- Task to complete
Copy each entry below exactly as it reads.

· · · ·

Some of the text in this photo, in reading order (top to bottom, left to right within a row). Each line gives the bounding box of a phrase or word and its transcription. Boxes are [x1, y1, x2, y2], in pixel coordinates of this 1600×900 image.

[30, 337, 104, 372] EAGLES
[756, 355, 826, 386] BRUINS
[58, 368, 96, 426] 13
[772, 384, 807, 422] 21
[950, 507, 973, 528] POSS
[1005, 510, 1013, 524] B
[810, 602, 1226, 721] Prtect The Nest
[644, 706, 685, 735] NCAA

· · · ·

- Expected answer
Some of the text in this photo, in reading order (top to bottom, left to right within a row). Each line gives the bounding box of a phrase or word and its transcription. Boxes are [x1, y1, x2, y2], in pixel coordinates of this 1600×900 image.

[30, 337, 104, 372] EAGLES
[756, 355, 826, 386] BRUINS
[58, 368, 96, 426] 13
[772, 384, 807, 422] 21
[950, 507, 973, 528] POSS
[1005, 510, 1013, 524] B
[810, 602, 1226, 721] Prtect The Nest
[644, 706, 685, 735] NCAA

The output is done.